===== SOURCE MATERIAL =====

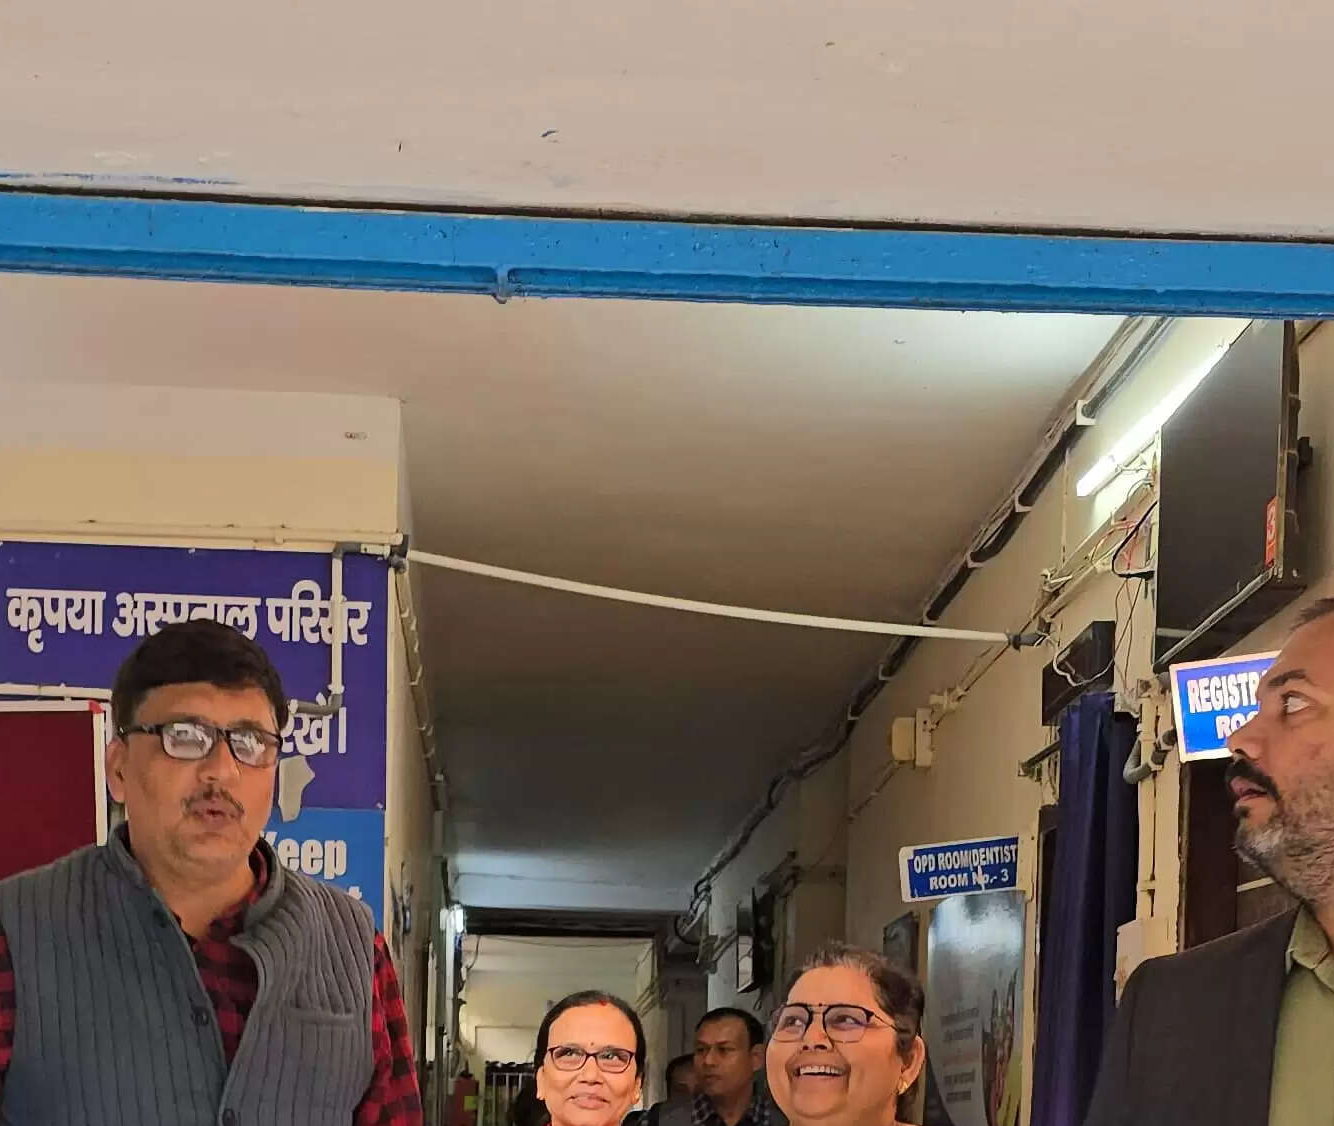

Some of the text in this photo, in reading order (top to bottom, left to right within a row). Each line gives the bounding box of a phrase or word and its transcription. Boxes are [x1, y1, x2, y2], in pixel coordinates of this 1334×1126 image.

[6, 588, 107, 654] कृपया
[1187, 669, 1268, 714] REGISTR
[261, 831, 347, 880] eep
[913, 853, 936, 875] OPD
[929, 872, 968, 891] ROOM
[1000, 867, 1009, 883] 3
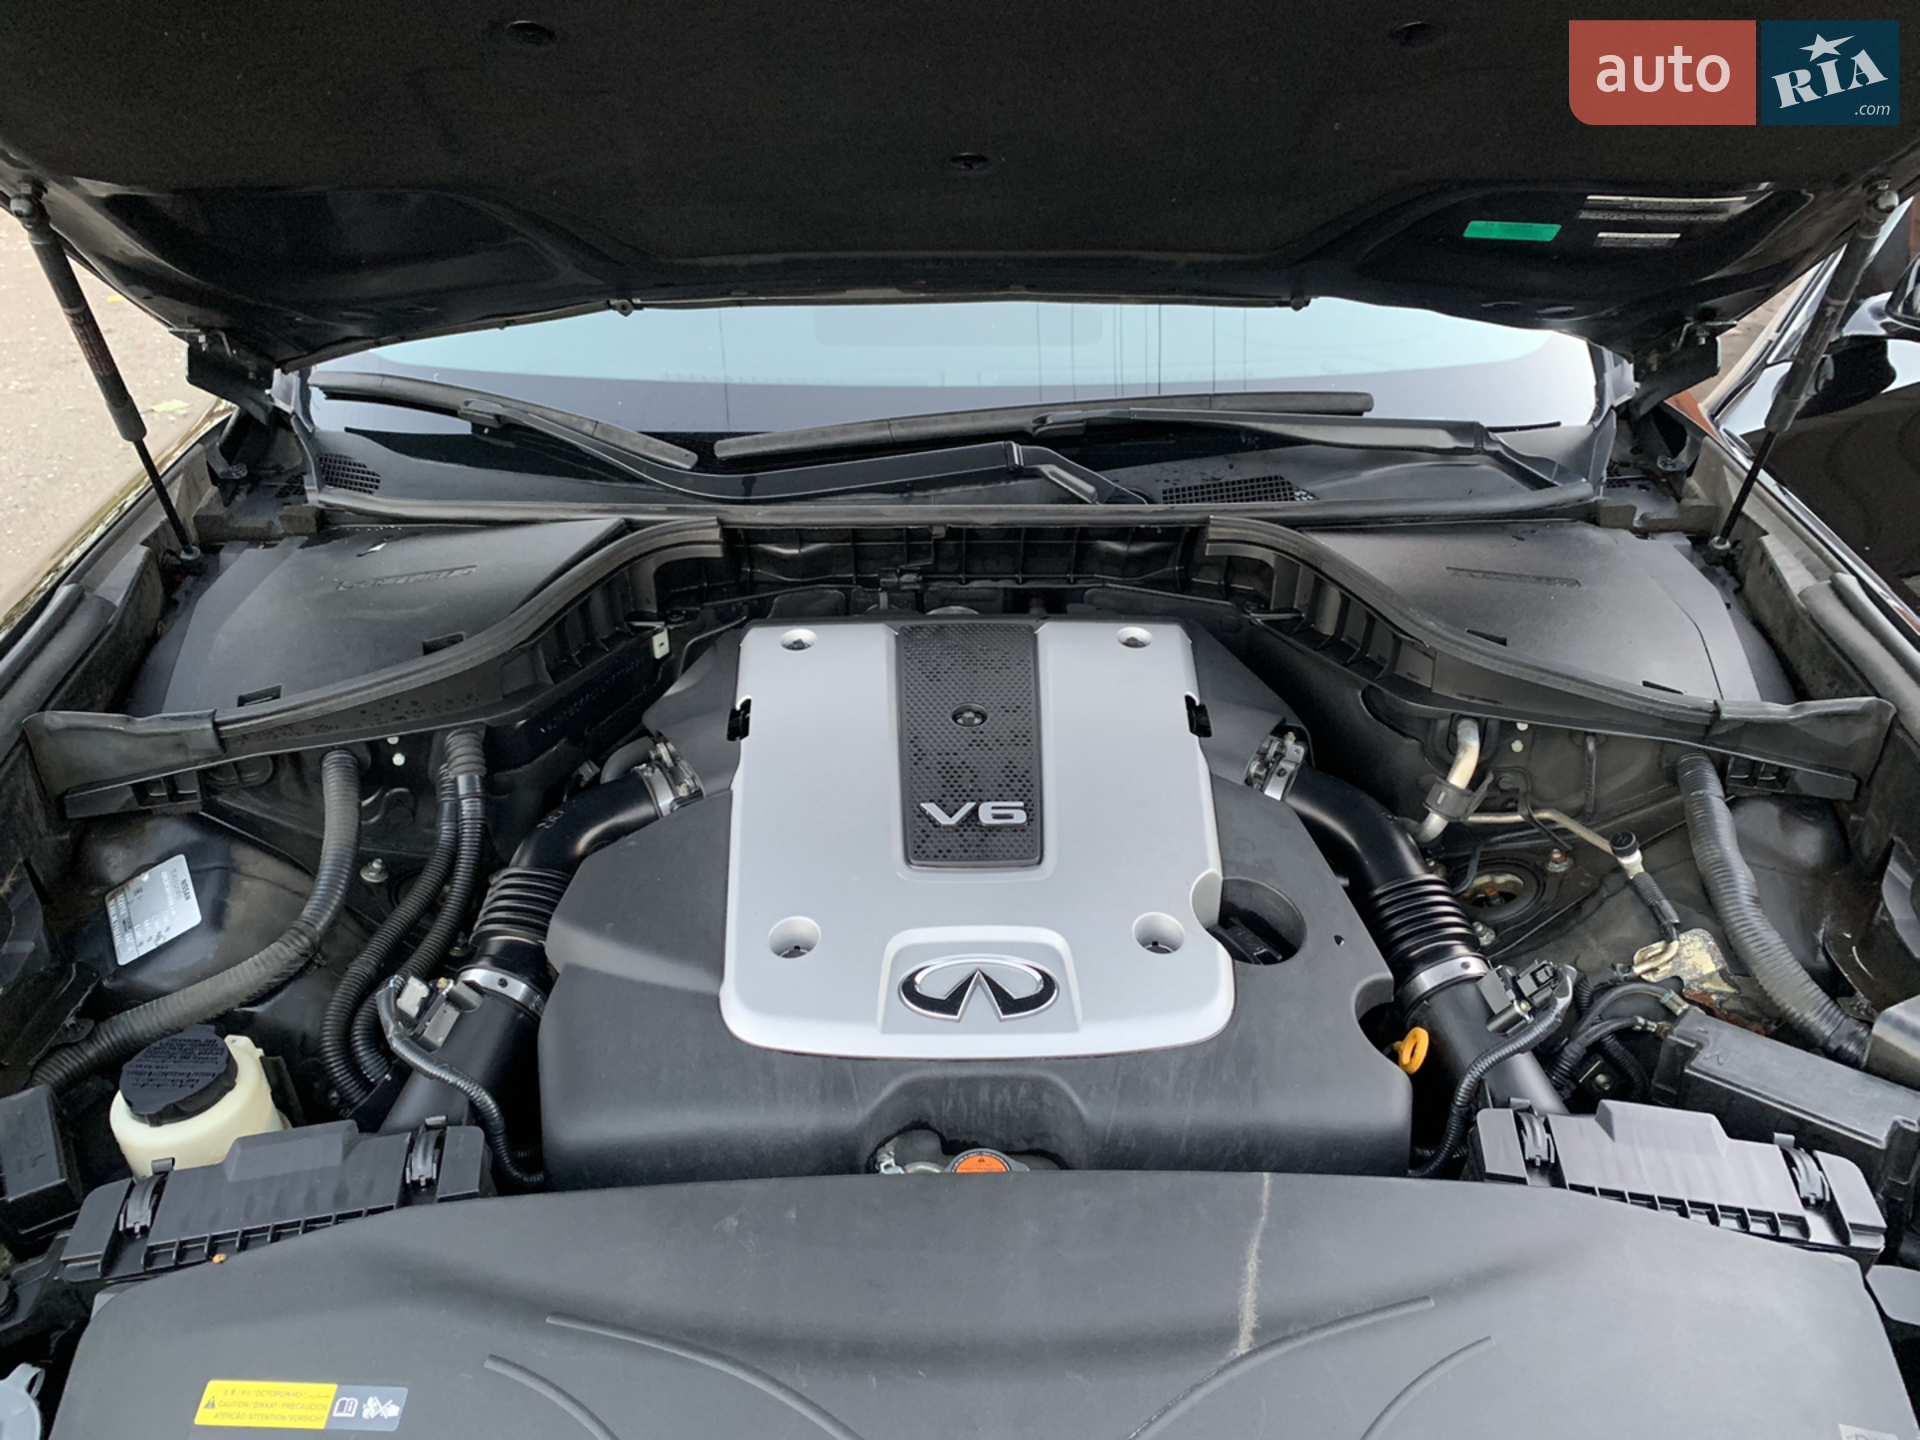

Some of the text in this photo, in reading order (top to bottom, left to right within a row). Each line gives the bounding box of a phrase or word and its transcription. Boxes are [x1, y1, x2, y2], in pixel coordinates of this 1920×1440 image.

=====

■ **EXERCISE DIRECTIONS**
Reproduce every line above exactly, pictures excluded.

■ **THE COMPLETED TASK**
Some of the text in this photo, in reading order (top to bottom, left to right within a row). Each line gives the bounding box of a phrase or word and its transcription. Boxes are [x1, y1, x2, y2], in pixel coordinates of this 1334×1126 image.

[6, 588, 107, 654] कृपया
[1187, 669, 1268, 714] REGISTR
[261, 831, 347, 880] eep
[913, 853, 936, 875] OPD
[929, 872, 968, 891] ROOM
[1000, 867, 1009, 883] 3

Some of the text in this photo, in reading order (top to bottom, left to right within a row). Each line gives the bounding box of a phrase or word and its transcription. Boxes are [x1, y1, x2, y2], in pixel coordinates of this 1920×1440 image.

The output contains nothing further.